More than 100 laboratories worldwide are now looking into the once-orphaned disease. Mice that bear the mutant gene have been developed to aid experiments. And last February, a world conference on A-T drew hundreds of scientists, and presentations revealed new information on everything from the A-T gene’s influence on brain development to its effect on the risk of breast cancer.

The most promising research is aimed at finding ways to boost the A-T gene’s cancer-fighting mechanisms, Gatti says. Since it would stimulate natural, tumor-fighting responses, this kind of treatment would be especially effective in attacking late-stage cancers that have metastasized throughout the body.

The elusive cure for A-T most likely lies in work being done on so-called “neural stem cells,” which produce many types of brain and nerve cells. Already being tested in patients with Parkinson’s disease, stem cell transplants may one day be used to help A-T patients grow new cells with properly working A-T genes. Gatti is pursuing this idea in collaboration with Jean DeVellis and other established stem cell researchers at UCLA. Once again, the Smiths will provide the seed money for the effort.

Advertisement

*

Scientists immersed in laboratory work can feel removed from the suffering caused by the microscopic mutant they chase like a target in some video game. That is not the case among A-T researchers. They know Becca Smith too well. At the February conference, before any of the science was discussed, doctors and investigators sang happy birthday and presented her a heart-shaped cake. She had turned 21, no small achievement for someone with A-T, but, of course, they were celebrating something bigger.

For nearly two decades, Becca has allowed herself to be the young face of a terrible illness. Her mother and, most of all, her father financed the search for a cure when no one else would, or could. They contributed more to science and medicine than many highly trained experts do in a lifetime. “If it wasn’t Becca who got A-T, and if George hadn’t been her father, we wouldn’t have been there at all,” Gatti says.
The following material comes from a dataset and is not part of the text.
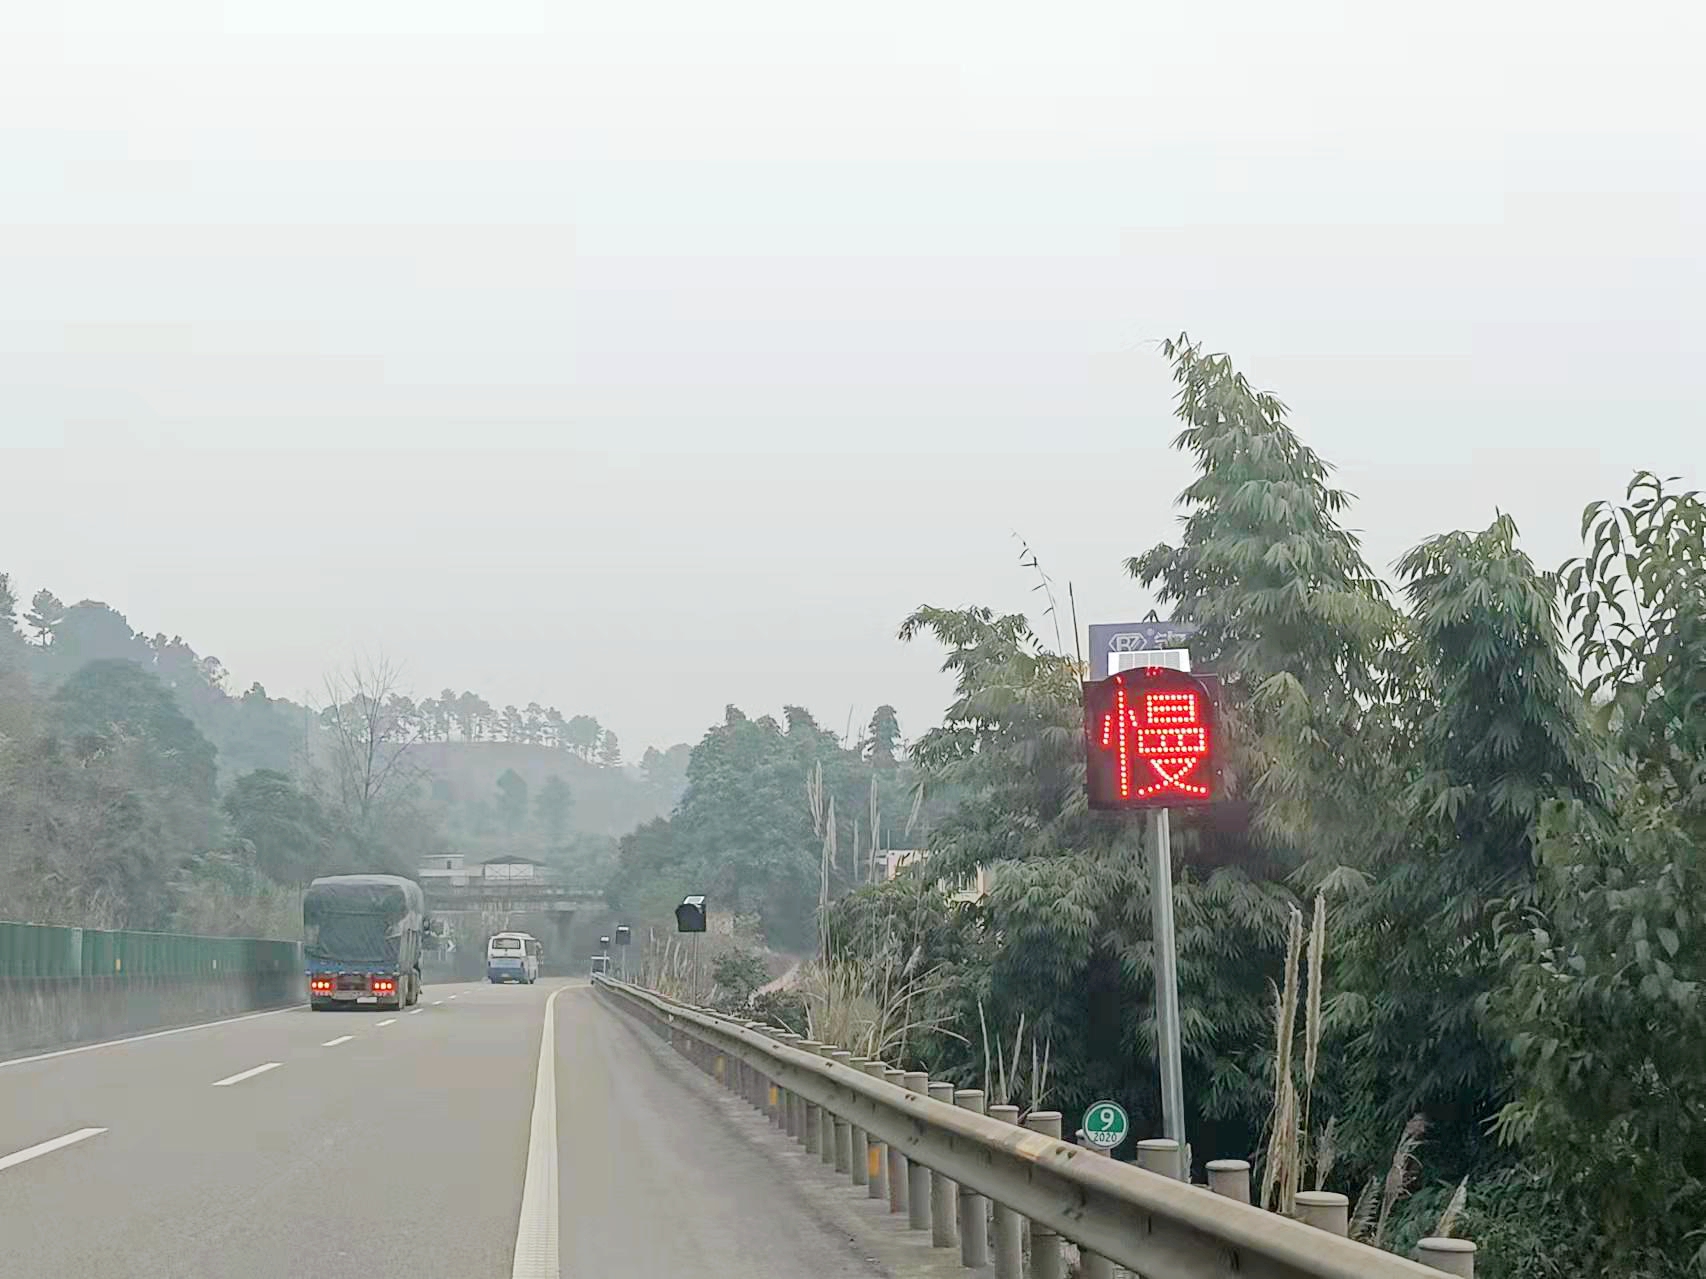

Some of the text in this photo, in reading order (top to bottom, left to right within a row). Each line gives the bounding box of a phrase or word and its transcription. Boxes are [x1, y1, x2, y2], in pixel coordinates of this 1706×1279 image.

[1102, 689, 1207, 797] 慢
[1100, 1108, 1115, 1131] 9
[1093, 1132, 1118, 1143] 2020
Yet for all the advances made in cancer research, everyone who stood to honor Becca knew that a treatment or cure that would save her life has not yet been found. And no one knows if that will happen in time. But the Smiths’ investment in research, like the down payment on a good piece of real estate, has leverage. It has produced a breakthrough in basic science that will benefit all of humanity. And it has yielded a dividend of hope where none existed before.